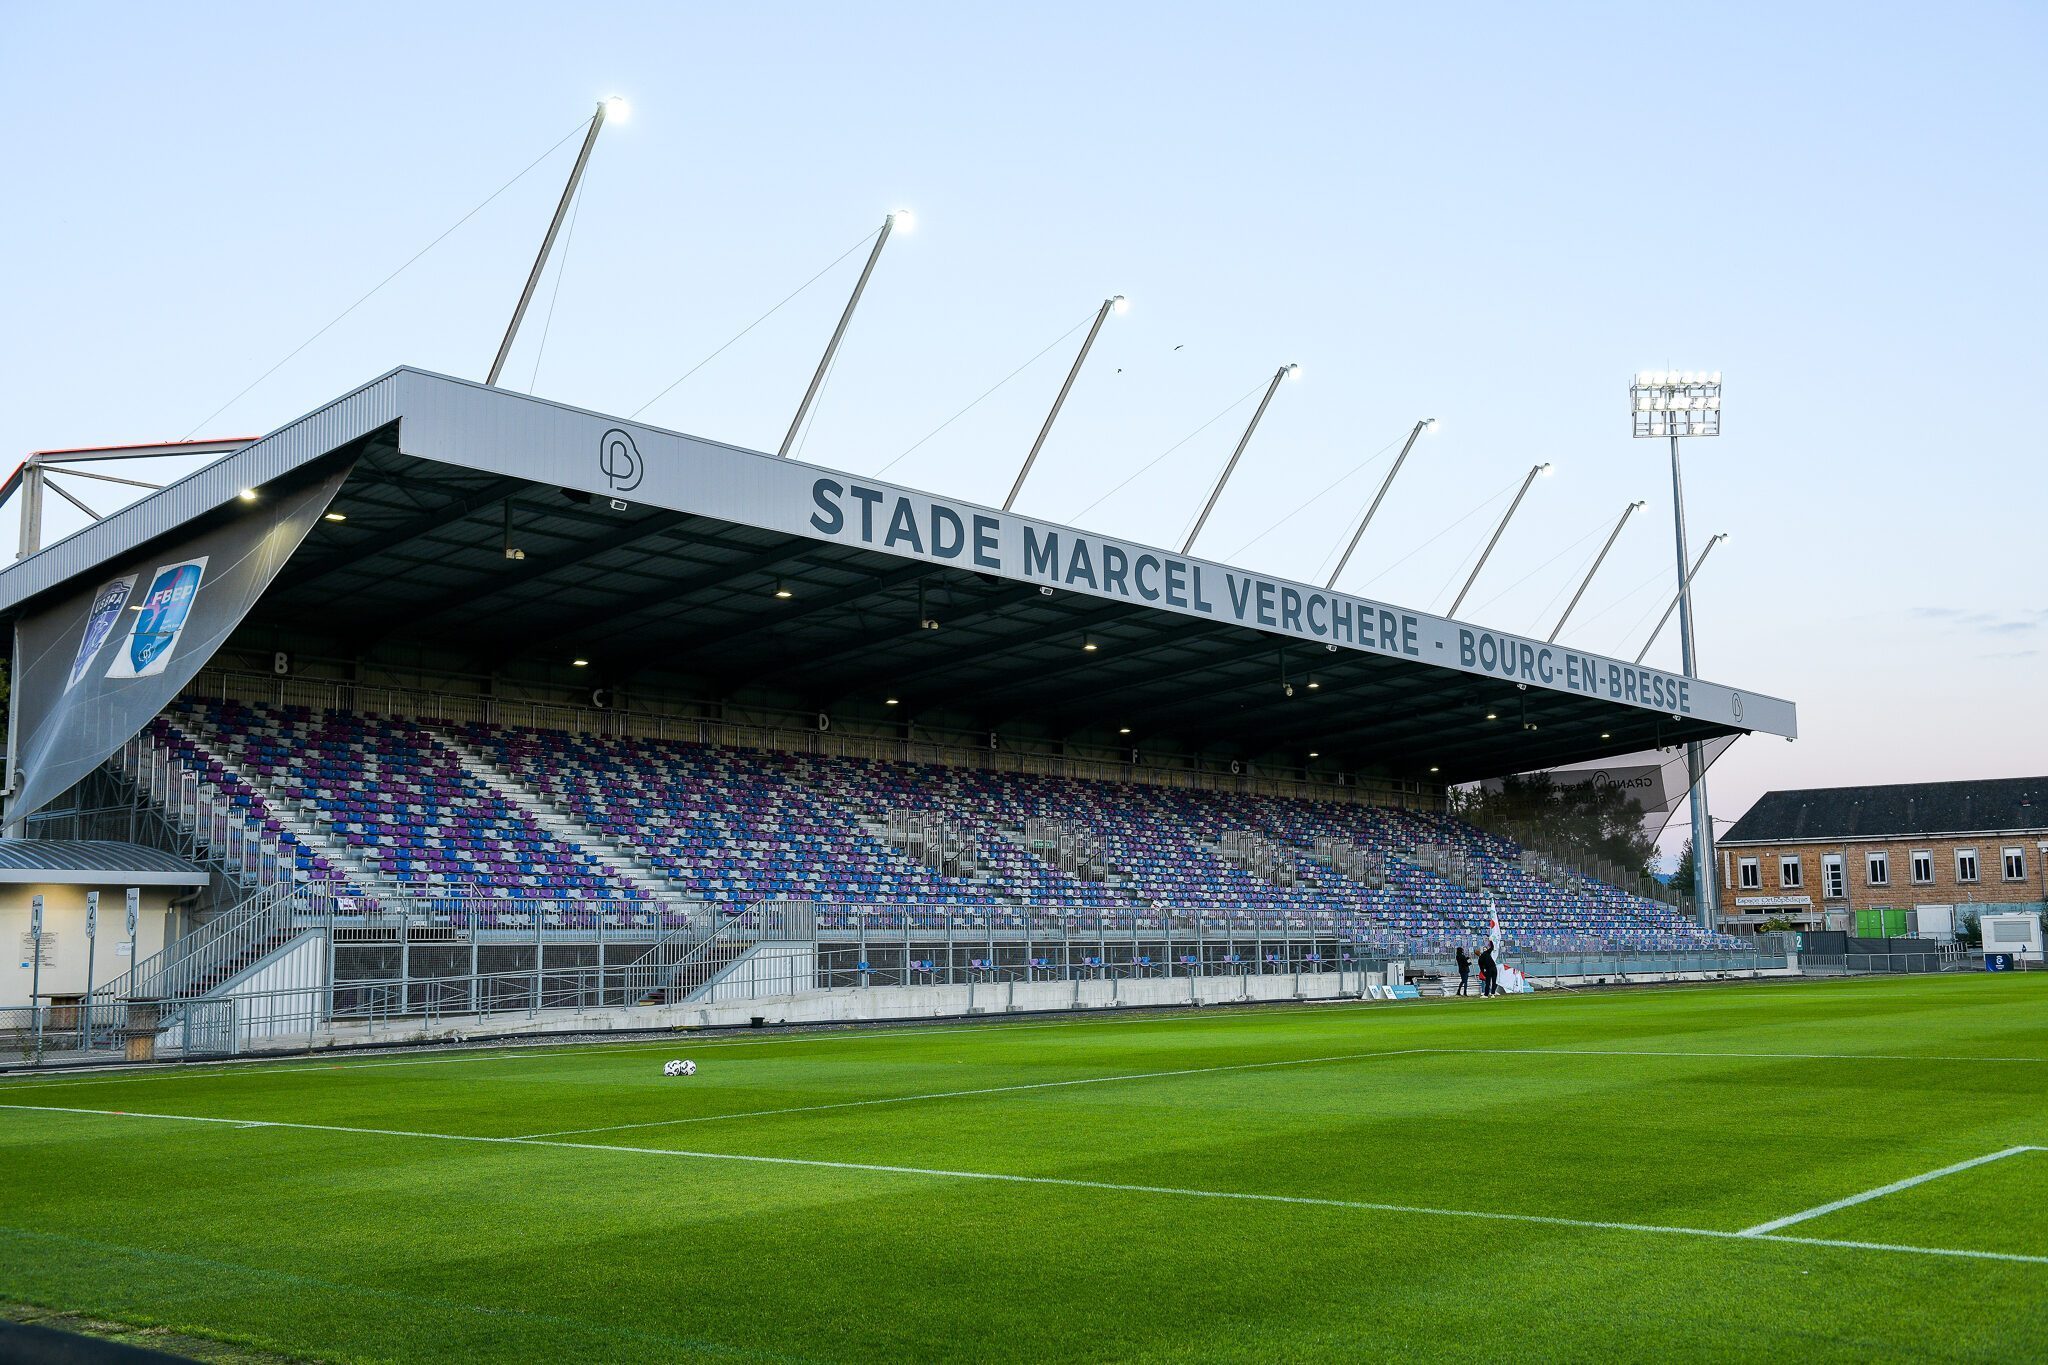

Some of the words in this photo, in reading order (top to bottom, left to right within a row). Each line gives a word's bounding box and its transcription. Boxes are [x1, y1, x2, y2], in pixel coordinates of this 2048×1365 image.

[810, 478, 1000, 569] STADE
[1023, 526, 1212, 613] MARCEL
[1226, 574, 1419, 656] VERCHERE
[1459, 628, 1691, 713] BOURG-EN-BRESSE
[275, 652, 288, 675] B
[593, 689, 603, 708] C
[819, 713, 830, 731] D
[991, 732, 997, 749] E
[1133, 749, 1139, 764] F
[1231, 760, 1240, 774] G
[1338, 772, 1345, 786] H
[89, 906, 94, 920] 2
[1796, 935, 1802, 948] 2

■ **Work to complete**
Pictures stay out; reproduce every line of the records exactly.

■ **Result of this task**
Some of the words in this photo, in reading order (top to bottom, left to right within a row). Each line gives a word's bounding box and its transcription. Boxes are [x1, y1, x2, y2], in pixel coordinates of this 2048×1365 image.

[810, 478, 1000, 569] STADE
[1023, 526, 1212, 613] MARCEL
[1226, 574, 1419, 656] VERCHERE
[1459, 628, 1691, 713] BOURG-EN-BRESSE
[275, 652, 288, 675] B
[593, 689, 603, 708] C
[819, 713, 830, 731] D
[991, 732, 997, 749] E
[1133, 749, 1139, 764] F
[1231, 760, 1240, 774] G
[1338, 772, 1345, 786] H
[89, 906, 94, 920] 2
[1796, 935, 1802, 948] 2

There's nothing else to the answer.